··· MATERIAL FOR THE TASK ···
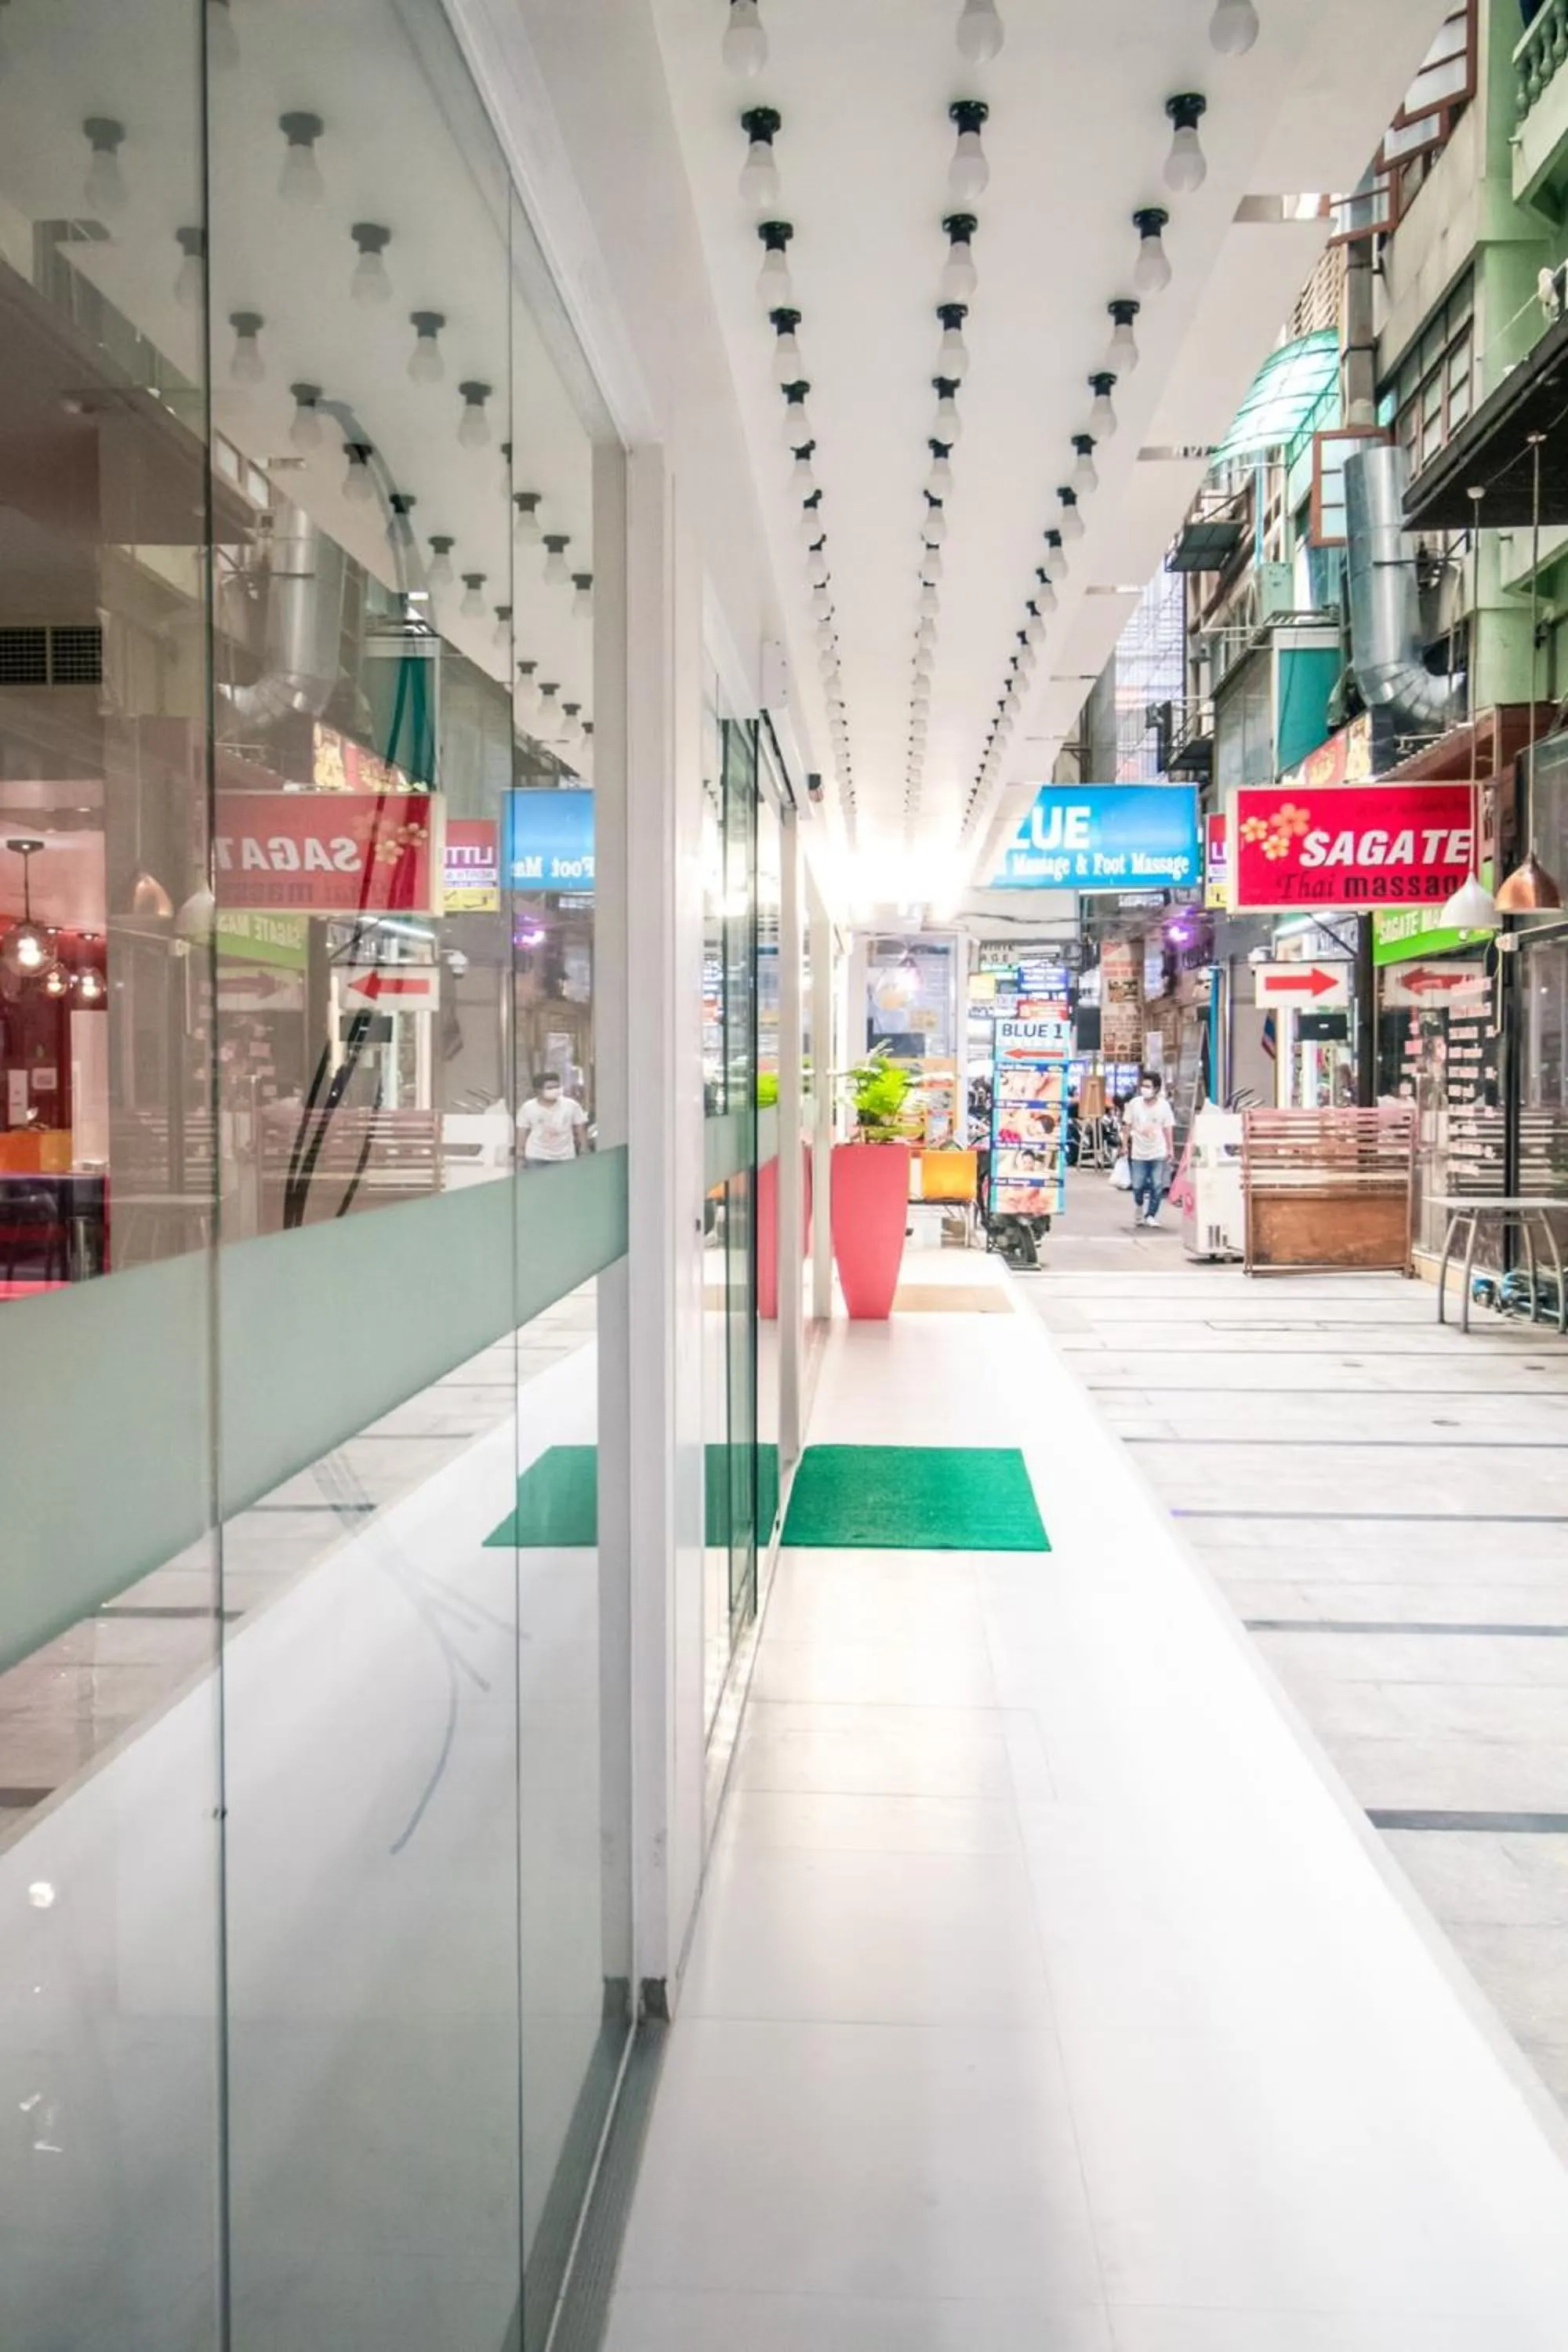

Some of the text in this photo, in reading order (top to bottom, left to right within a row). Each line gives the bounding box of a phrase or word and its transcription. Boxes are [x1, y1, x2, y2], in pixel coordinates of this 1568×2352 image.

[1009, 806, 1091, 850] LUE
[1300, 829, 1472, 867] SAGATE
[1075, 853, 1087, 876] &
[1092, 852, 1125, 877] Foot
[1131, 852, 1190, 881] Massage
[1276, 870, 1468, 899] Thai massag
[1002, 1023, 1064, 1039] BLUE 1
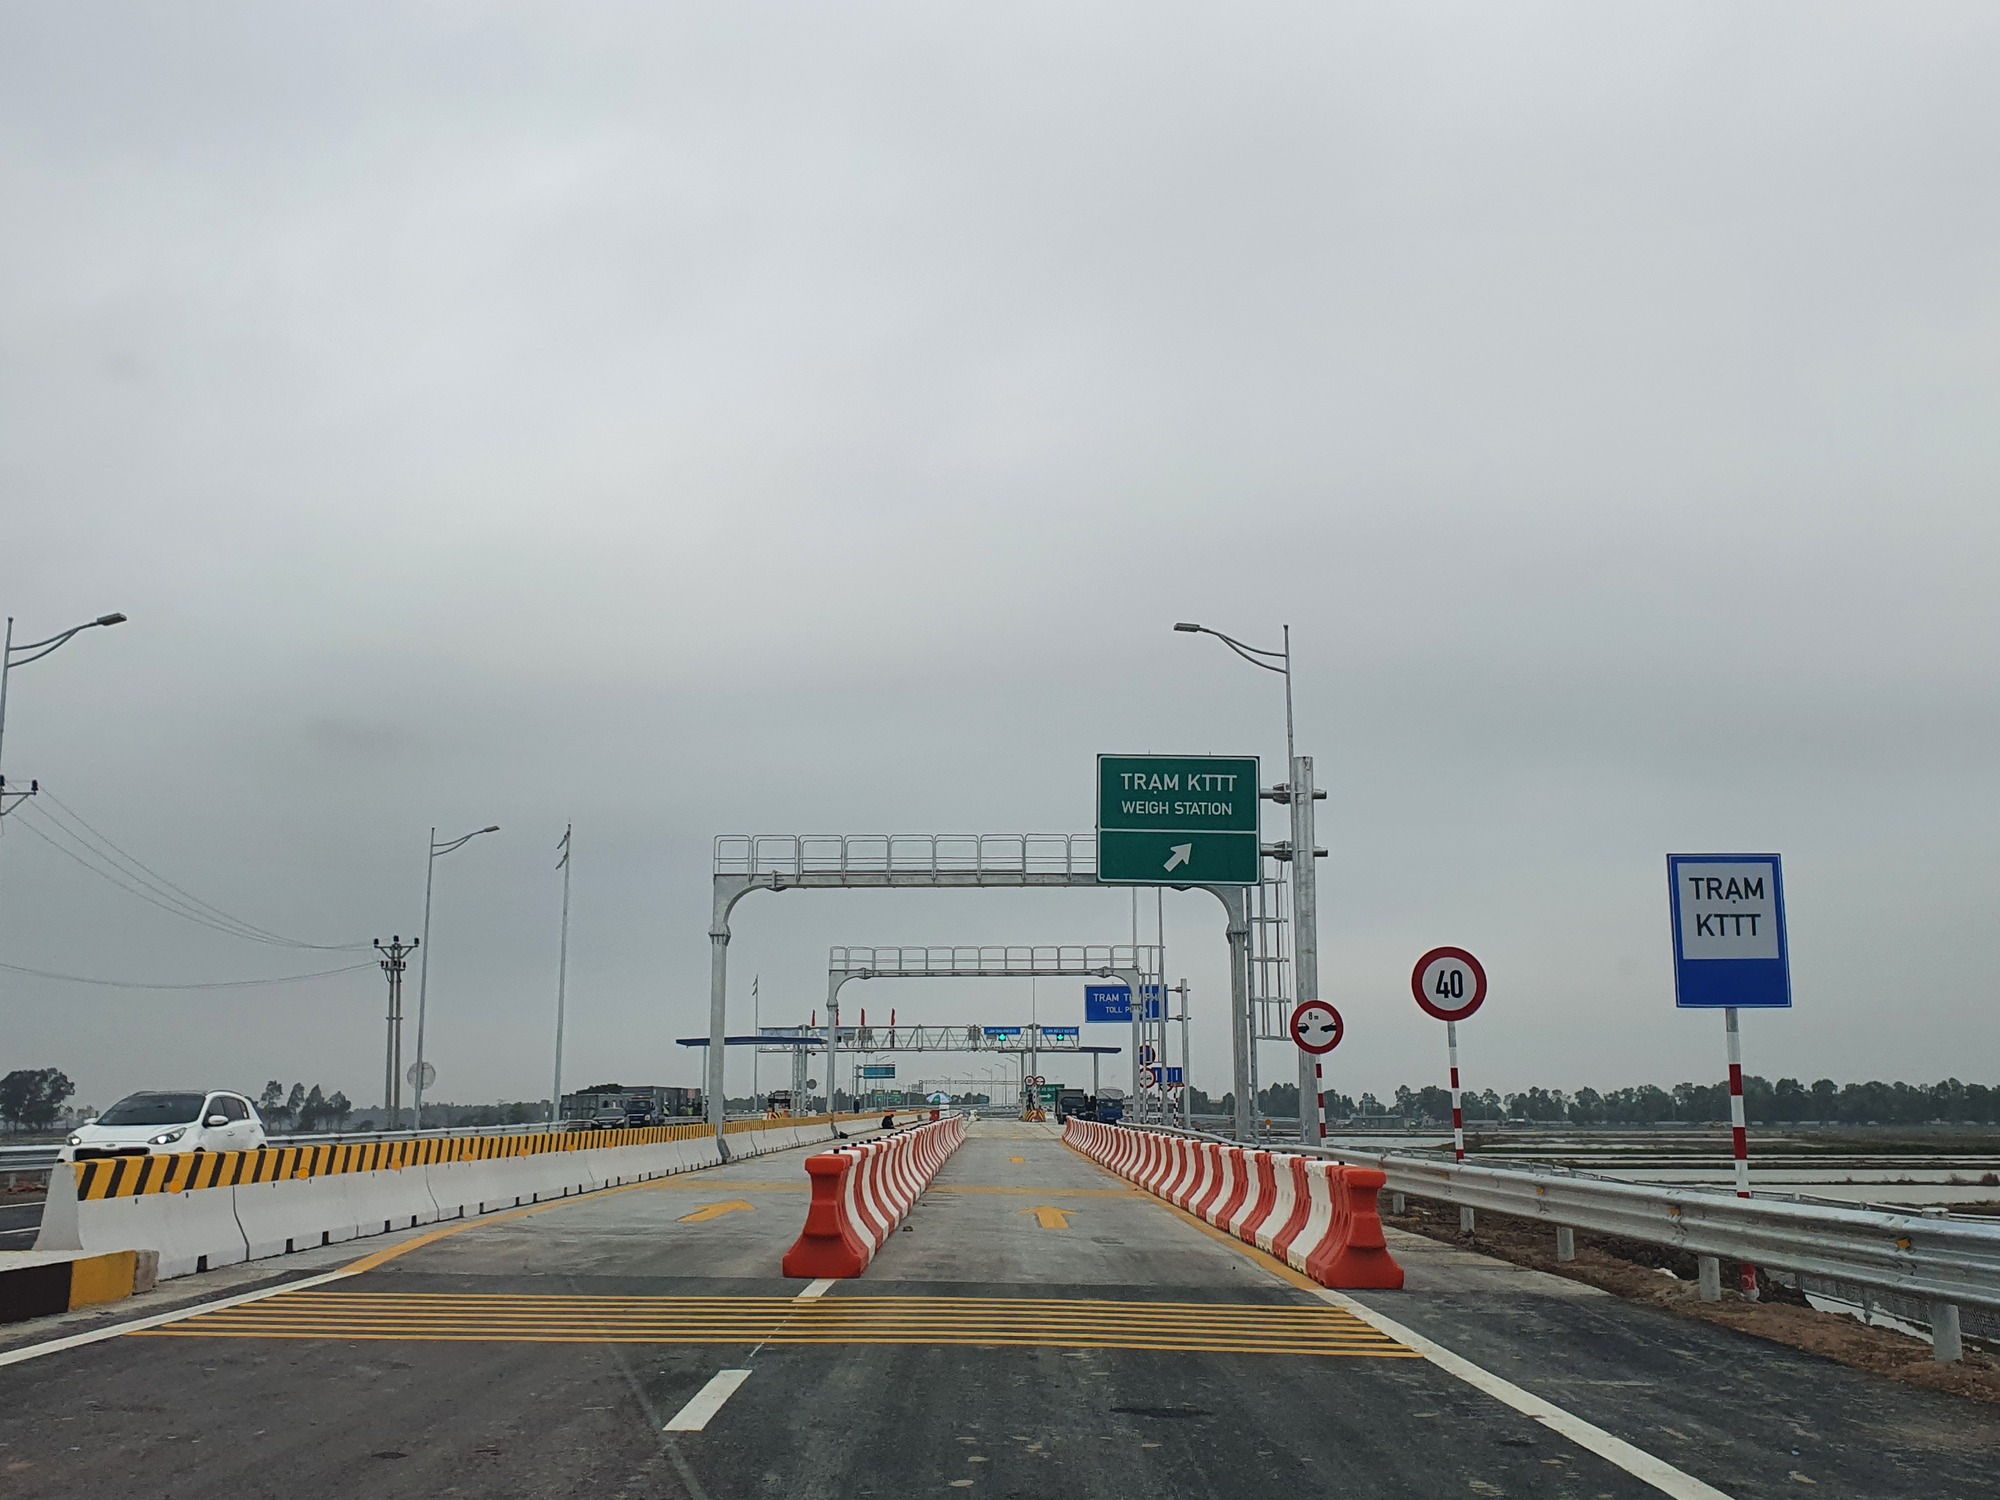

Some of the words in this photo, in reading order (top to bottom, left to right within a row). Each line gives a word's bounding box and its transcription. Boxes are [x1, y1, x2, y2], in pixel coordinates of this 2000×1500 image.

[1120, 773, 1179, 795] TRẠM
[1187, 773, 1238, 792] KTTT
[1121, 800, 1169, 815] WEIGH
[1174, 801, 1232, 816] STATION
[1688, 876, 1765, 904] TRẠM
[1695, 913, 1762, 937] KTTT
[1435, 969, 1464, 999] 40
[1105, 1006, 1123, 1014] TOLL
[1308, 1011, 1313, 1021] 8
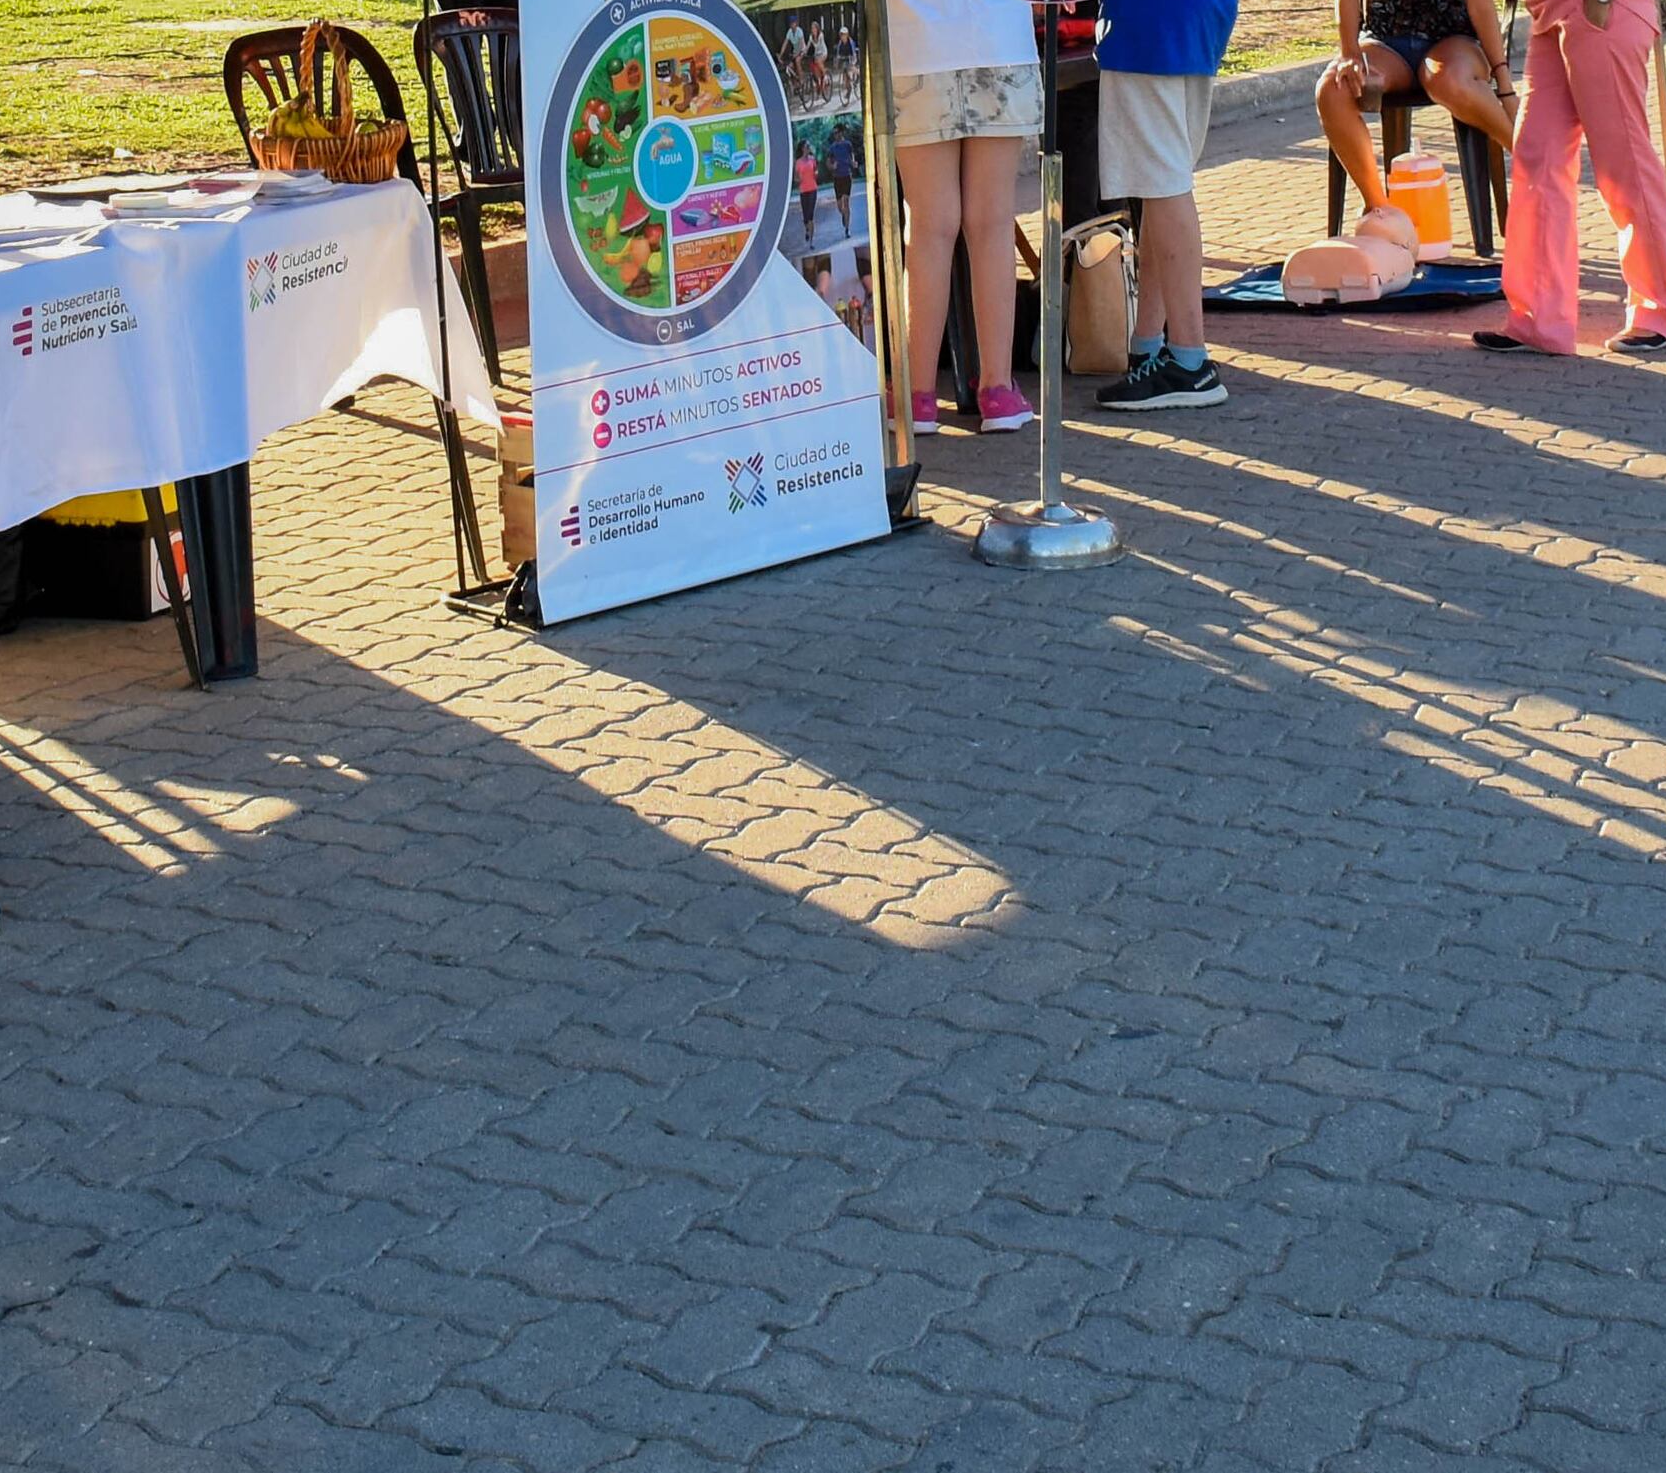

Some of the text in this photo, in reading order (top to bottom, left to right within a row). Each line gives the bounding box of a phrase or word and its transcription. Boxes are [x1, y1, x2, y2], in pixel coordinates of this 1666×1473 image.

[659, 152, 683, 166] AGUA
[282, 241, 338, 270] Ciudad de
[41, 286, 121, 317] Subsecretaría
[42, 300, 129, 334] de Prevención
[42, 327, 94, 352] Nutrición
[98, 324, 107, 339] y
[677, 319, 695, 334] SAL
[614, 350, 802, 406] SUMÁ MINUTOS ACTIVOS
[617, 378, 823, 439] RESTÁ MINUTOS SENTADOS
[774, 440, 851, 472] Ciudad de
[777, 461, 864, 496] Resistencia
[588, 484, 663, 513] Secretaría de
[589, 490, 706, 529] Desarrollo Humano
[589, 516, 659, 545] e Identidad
···
TASK TO CARRY OUT: The response should repeat every entry above exactly and include none of the pictures.

YOUR RESPONSE:
Some of the text in this photo, in reading order (top to bottom, left to right within a row). Each line gives the bounding box of a phrase or word and its transcription. Boxes are [x1, y1, x2, y2], in pixel coordinates of this 1568×2352 image.

[1009, 806, 1091, 850] LUE
[1300, 829, 1472, 867] SAGATE
[1075, 853, 1087, 876] &
[1092, 852, 1125, 877] Foot
[1131, 852, 1190, 881] Massage
[1276, 870, 1468, 899] Thai massag
[1002, 1023, 1064, 1039] BLUE 1

Some of the words in this photo, in reading order (top to bottom, left to right within a row). Each line gives a word's bounding box and its transcription. Boxes are [x1, y1, x2, y2], in pixel coordinates of this 2000×1500 image.

[1120, 773, 1179, 795] TRẠM
[1187, 773, 1238, 792] KTTT
[1121, 800, 1169, 815] WEIGH
[1174, 801, 1232, 816] STATION
[1688, 876, 1765, 904] TRẠM
[1695, 913, 1762, 937] KTTT
[1435, 969, 1464, 999] 40
[1105, 1006, 1123, 1014] TOLL
[1308, 1011, 1313, 1021] 8

Some of the text in this photo, in reading order (top to bottom, left to right within a row). Each line gives the bounding box of a phrase or word and its transcription. Boxes are [x1, y1, x2, y2], in pixel coordinates of this 1666×1473 image.

[659, 152, 683, 166] AGUA
[282, 241, 338, 270] Ciudad de
[41, 286, 121, 317] Subsecretaría
[42, 300, 129, 334] de Prevención
[42, 327, 94, 352] Nutrición
[98, 324, 107, 339] y
[677, 319, 695, 334] SAL
[614, 350, 802, 406] SUMÁ MINUTOS ACTIVOS
[617, 378, 823, 439] RESTÁ MINUTOS SENTADOS
[774, 440, 851, 472] Ciudad de
[777, 461, 864, 496] Resistencia
[588, 484, 663, 513] Secretaría de
[589, 490, 706, 529] Desarrollo Humano
[589, 516, 659, 545] e Identidad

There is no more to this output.